* _RECORDS TO USE_:
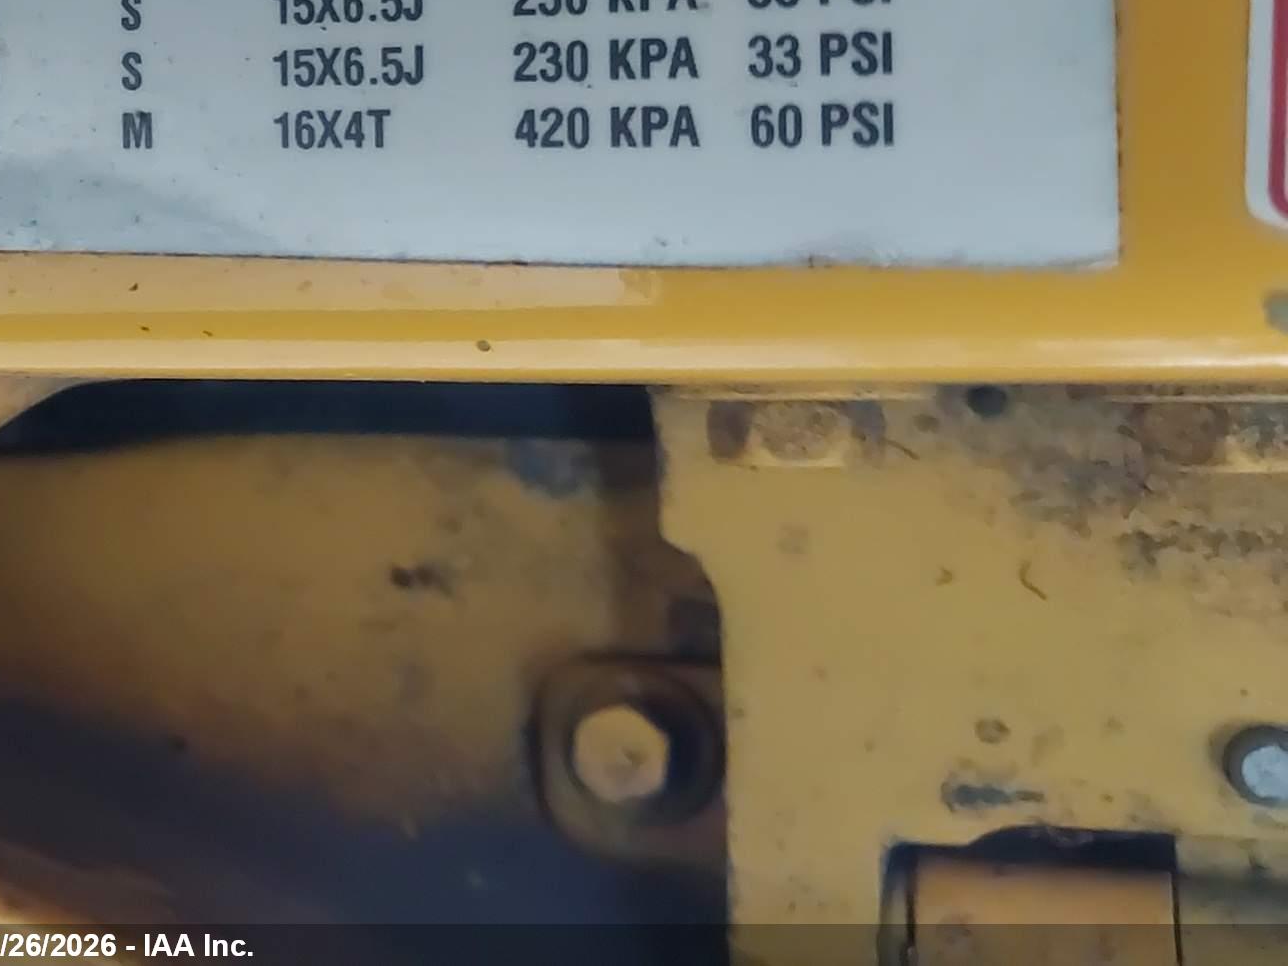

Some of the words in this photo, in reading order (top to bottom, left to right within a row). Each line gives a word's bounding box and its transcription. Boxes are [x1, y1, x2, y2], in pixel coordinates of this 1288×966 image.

[122, 52, 142, 90] S
[273, 45, 423, 87] 15X6.5J
[514, 40, 588, 82] 230
[610, 37, 699, 80] KPA
[749, 34, 801, 78] 33
[820, 31, 892, 76] PSI
[123, 111, 152, 149] M
[274, 109, 391, 149] 16X4T
[515, 107, 589, 149] 420
[610, 106, 700, 147] KPA
[751, 104, 802, 148] 60
[821, 101, 893, 147] PSI

* _WORK TO COMPLETE_:
Quote all the lines above exactly as given. Do not include the pictures.

* _RESPONSE TO THIS TASK_:
Some of the words in this photo, in reading order (top to bottom, left to right within a row). Each line gives a word's bounding box and its transcription. Boxes are [x1, y1, x2, y2], in pixel coordinates of this 1288×966 image.

[122, 52, 142, 90] S
[273, 45, 423, 87] 15X6.5J
[514, 40, 588, 82] 230
[610, 37, 699, 80] KPA
[749, 34, 801, 78] 33
[820, 31, 892, 76] PSI
[123, 111, 152, 149] M
[274, 109, 391, 149] 16X4T
[515, 107, 589, 149] 420
[610, 106, 700, 147] KPA
[751, 104, 802, 148] 60
[821, 101, 893, 147] PSI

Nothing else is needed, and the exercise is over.